Zwei Dinge scheint es in Brighton in unbegrenzten Mengen zu geben: Möwenscheiße und tolle neue Bands. Gender Roles gehören zu Letzterem und haben im August ihr erstes Album PRANG vorgelegt. Wer das verpasst hat, bekommt nun mit dem Video zu School’s Out (****) eine zweite Chance, das Trio zu entdecken. Eine Vorliebe für Slacker-Kultur ist da schon in den Outfits und Frisuren zu erkennen, aber spätestens im Refrain zeigen Gender Roles, wie viel Kraft und Optimismus auch in ihrem Sound stecken kann. Nicht zuletzt sieht man dem Clip an (und hört das auch auf Platte), wie viel Spaß es auch anno 2019 noch machen kann, mit ein paar Kumpels in einer Rockband zu spielen – absolute Empfehlung.

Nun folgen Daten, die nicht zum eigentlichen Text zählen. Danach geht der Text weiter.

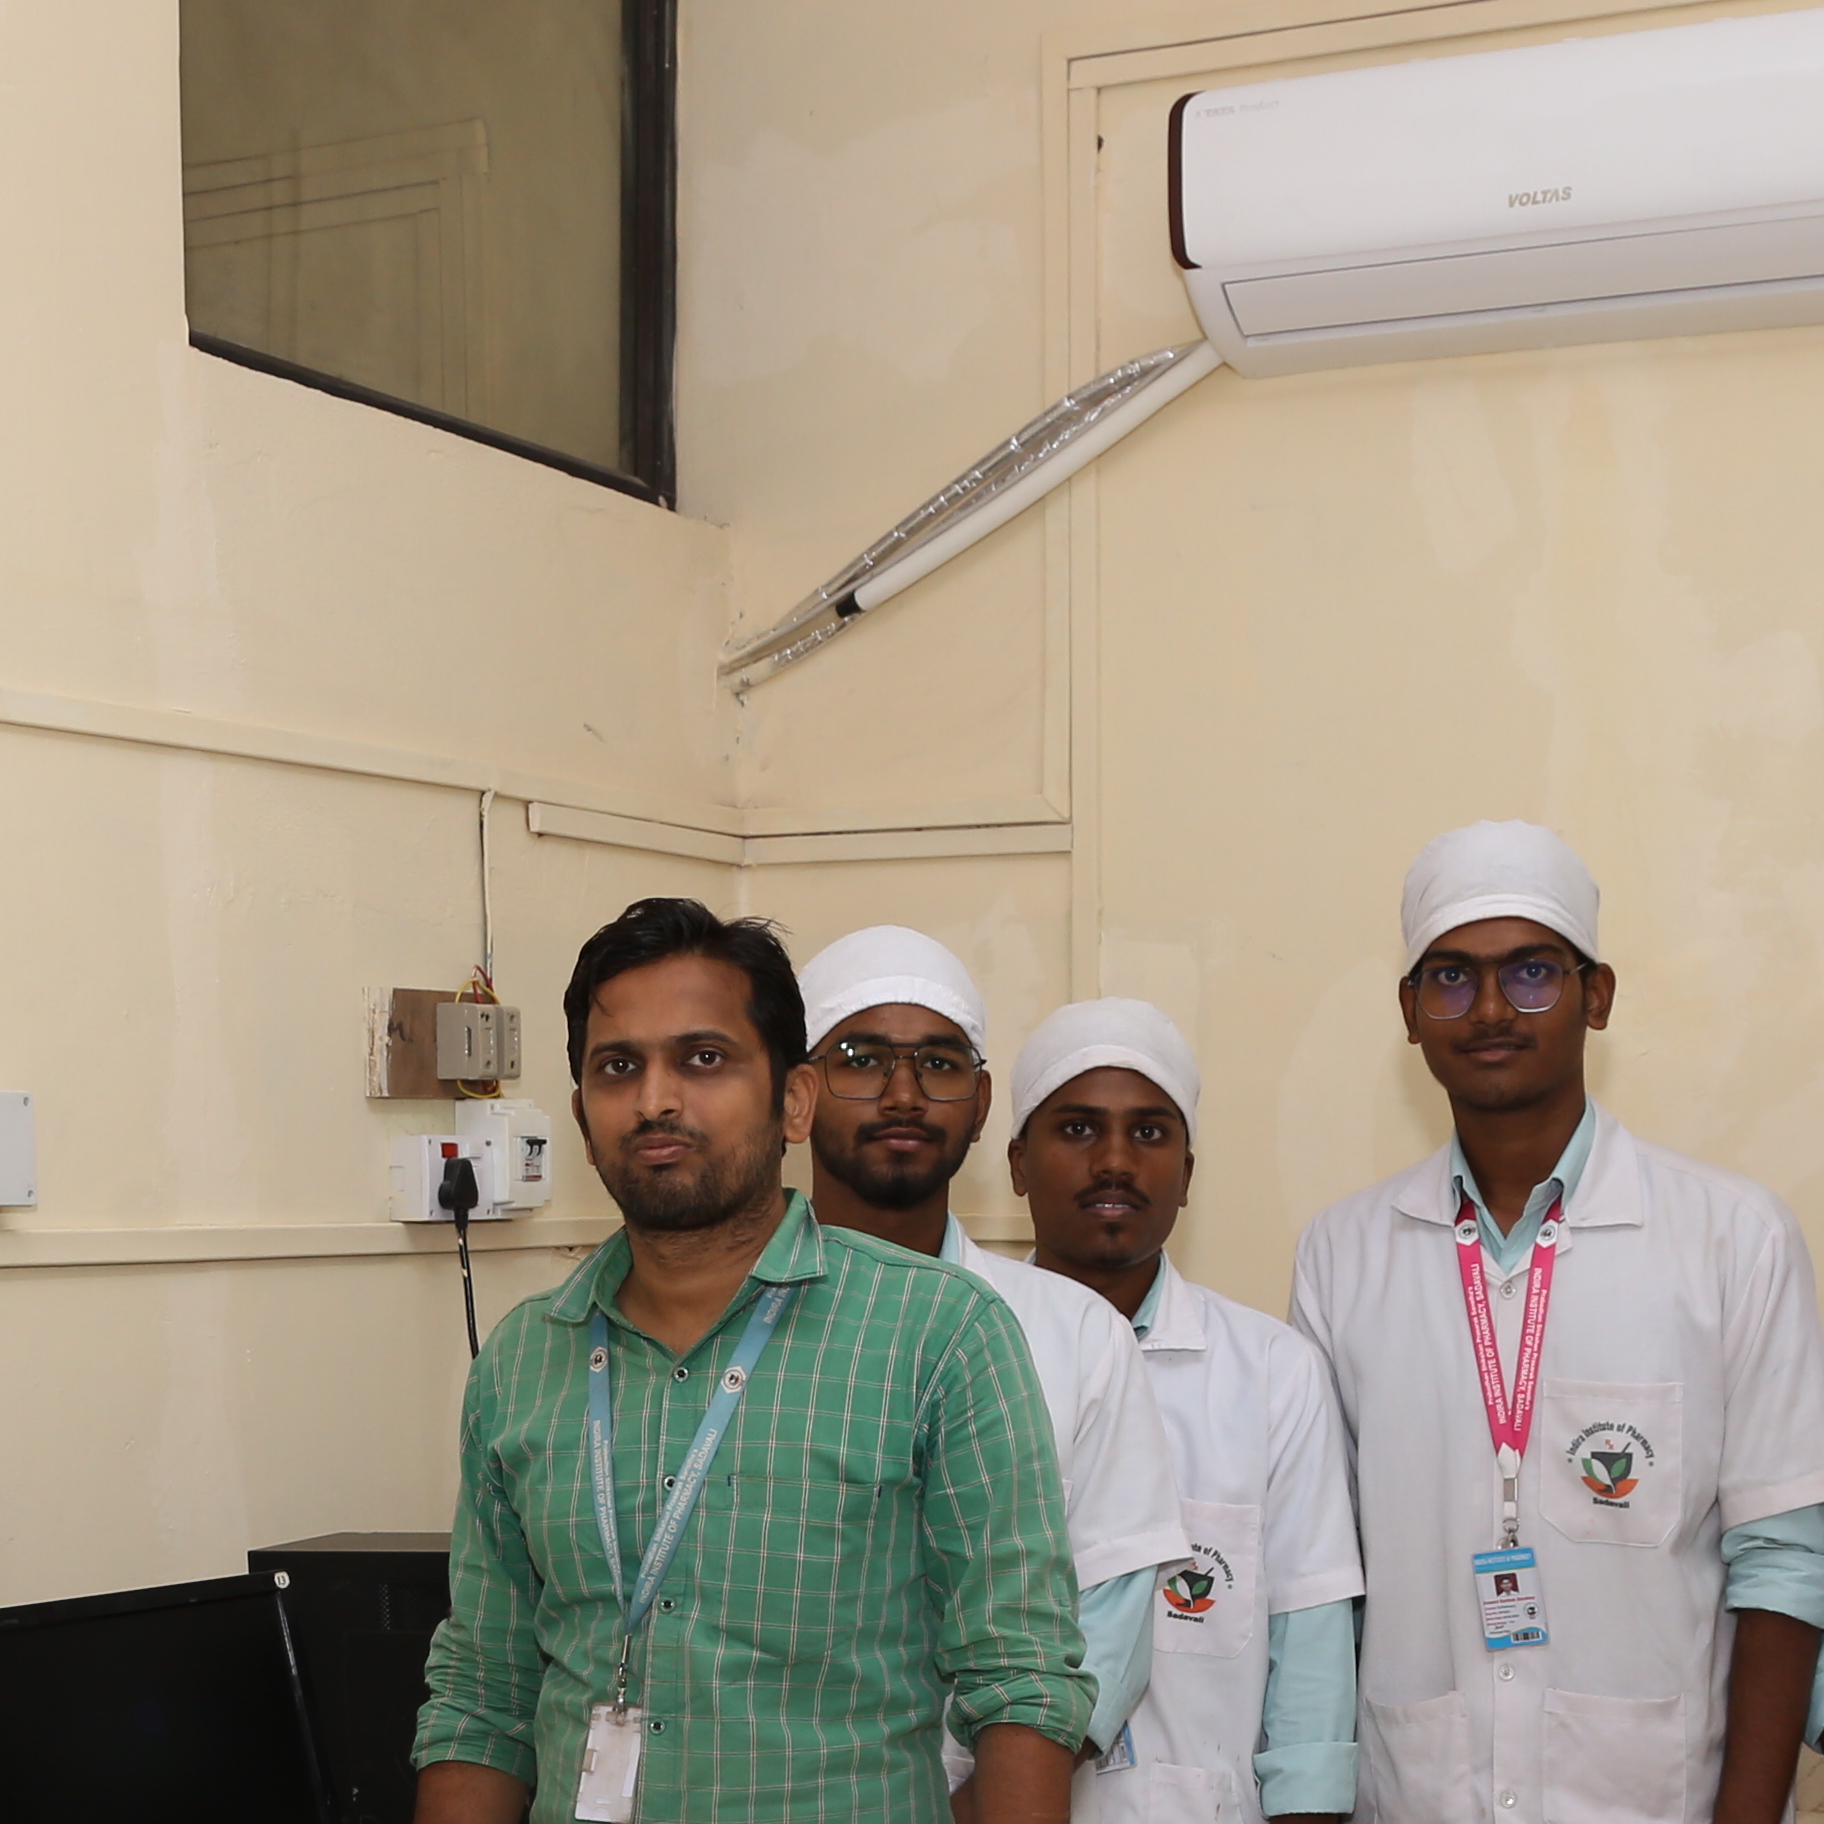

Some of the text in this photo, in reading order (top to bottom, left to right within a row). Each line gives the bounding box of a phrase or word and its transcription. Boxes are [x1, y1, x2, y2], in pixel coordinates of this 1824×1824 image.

[1508, 186, 1572, 208] VOLTAS
[1471, 1263, 1507, 1423] INDIRA INSTITUTE OF PHARMACY, SADAVALI
[1513, 1267, 1542, 1431] INDIRA INSTITUTE OF PHARMACY, SADAVALI
[1566, 1421, 1654, 1459] Indira Institute of Pharmacy
[594, 1448, 603, 1491] INSTITUTE
[597, 1493, 605, 1505] OF
[638, 1427, 716, 1603] INDIRA INSTITUTE OF PHARMACY, SADAVALI
[1593, 1497, 1630, 1508] Sadavali
[639, 1542, 657, 1578] Prabodhan
[654, 1511, 670, 1541] Shikshan
[667, 1481, 683, 1509] Prasarak
[1203, 1547, 1212, 1556] of
[1211, 1550, 1234, 1582] Pharmacy
[1167, 1611, 1204, 1623] Sadavali

Auch Metronomy legen zum gefeierten aktuellen Werk Metronomy Forever noch einmal nach und haben jetzt Wedding Bells (****) als vierten Song aus dem Album ausgekoppelt. Beim Video hat (wie zuletzt fast immer bei dieser Band) Daniel Brereton Regie geführt und sich eine turbulente Party- und Flirtgeschichte ausgedacht, bei dem das Quintett rund um Mastermind Joe Mount natürlich für die gute Unterhaltung zuständig ist. Statt Hochzeitsglocken gibt es am Ende eine Torten- und Kissenschlacht, aber das sind wohl nicht die schlechtesten Vorzeichen für die anstehende Tournee, bei der es Ende Oktober auch fünf Termine in Deutschland geben wird.

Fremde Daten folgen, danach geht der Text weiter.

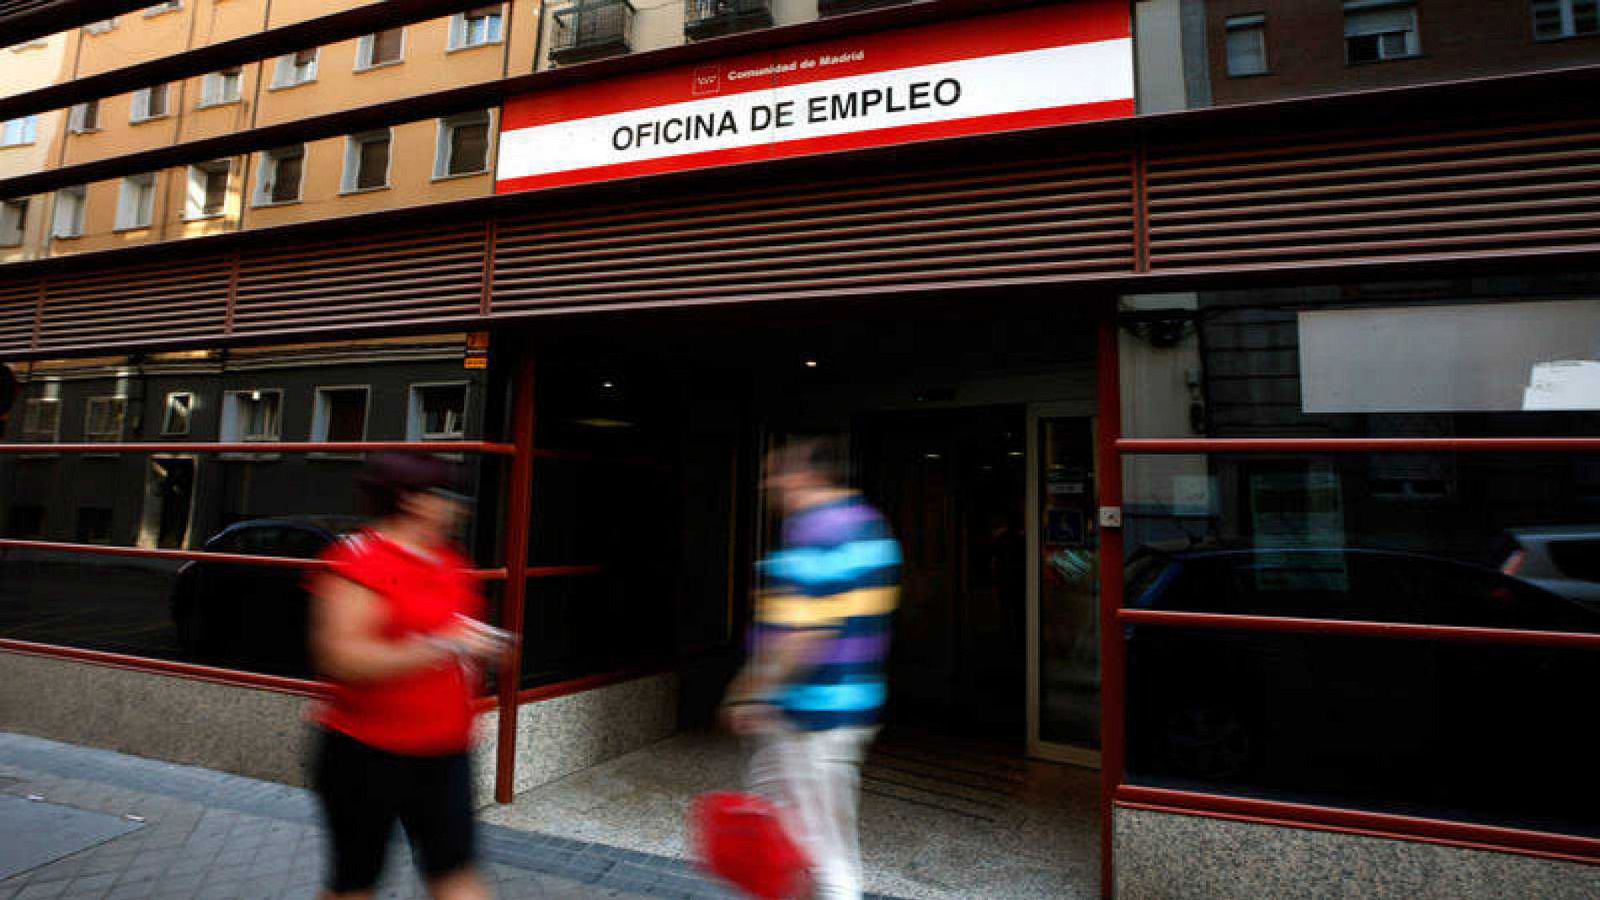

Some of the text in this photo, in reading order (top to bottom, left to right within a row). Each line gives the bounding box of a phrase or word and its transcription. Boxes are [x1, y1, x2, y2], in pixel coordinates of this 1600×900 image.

Dass Noel Gallagher mit This Is The Place (so der Titel seiner am Freitag erscheinenden EP) wohl immer noch seine Heimatstadt meint, macht A Dream Is All I Need To Get By (***1/2) deutlich, das er mit seinen High Flying Birds nun als weiteren Vorboten veröffentlicht. Das Lied klinge für ihn „wie eine dieser ikonischen B-Seiten von The Smiths, bloß offensichtlich nicht so gut. Es ist ein Lied, das sehr schnell entstanden ist, was immer ein gutes Zeichen ist. Als hätte es schon immer irgendwo existiert – womöglich in Manchester.“ Wie schon auf der Black Star Dancing-EP spielt die Gitarre nur eine untergeordnete Rolle, stattdessen rückt der Rhythmus (hier: lateinamerikanisch) in den Vordergrund. Trotz Zeilen wie „What for the love that got me so high? / Remember the days they made us feel so alive?“ geht damit seine Emanzipation vom klassischen Oasis-Sound weiter, und es bleibt spannend, ihn dabei zu begleiten.

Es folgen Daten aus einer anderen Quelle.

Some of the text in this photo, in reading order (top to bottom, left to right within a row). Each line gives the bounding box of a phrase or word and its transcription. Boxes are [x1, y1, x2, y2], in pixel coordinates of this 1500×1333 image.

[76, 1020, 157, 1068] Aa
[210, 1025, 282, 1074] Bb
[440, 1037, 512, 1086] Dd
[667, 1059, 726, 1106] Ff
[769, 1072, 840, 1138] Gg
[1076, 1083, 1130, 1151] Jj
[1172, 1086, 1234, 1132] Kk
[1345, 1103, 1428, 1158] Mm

Clipping zählen zu den innovativsten und kreativsten Acts im HipHop, und für ihr anstehendes Album There Existed An Addiction To Blood (kommt am 18. Oktober heraus) haben sich Rapper Daveed Diggs und die Produzenten William Hutson und Jonathan Snipes ein ganz besonders Konzept ausgedacht: Die Songs sind inspiriert von einem Rap-Splitter-Genre, das Mitte der 1990er Jahre mit Künstlern wie Gravediggaz oder Geto Boys für ein paar Schlagzeilen sorgte: Horrorcore. Wie das klingt, deutet jetzt die Single La Mala Ordina (****) an, mit den Rapperinnen Benny The Butcher und Elcamino als Unterstützung, auch die Noise-Künstlerin The Rita war beteiligt. Der Beat hat genauso viel Aggressivität wie die Synthesizer, dazu gibt es etliche Elemente, die an Gruselfilm-Soundtracks erinnern und klasse Sprechgesang. Das perfekt passende Lyric-Video haben Clipping mit Cristina Bercovitz konzipiert.

Michael Kraft

Michael Kraft ist Diplom-Journalist und lebt in Leipzig. Auf shitesite.de schreibt er seit 1999 als Hobby über Musik, Filme, Bücher und ein paar andere Dinge, die ihn (und vielleicht auch den Rest der Welt) interessieren.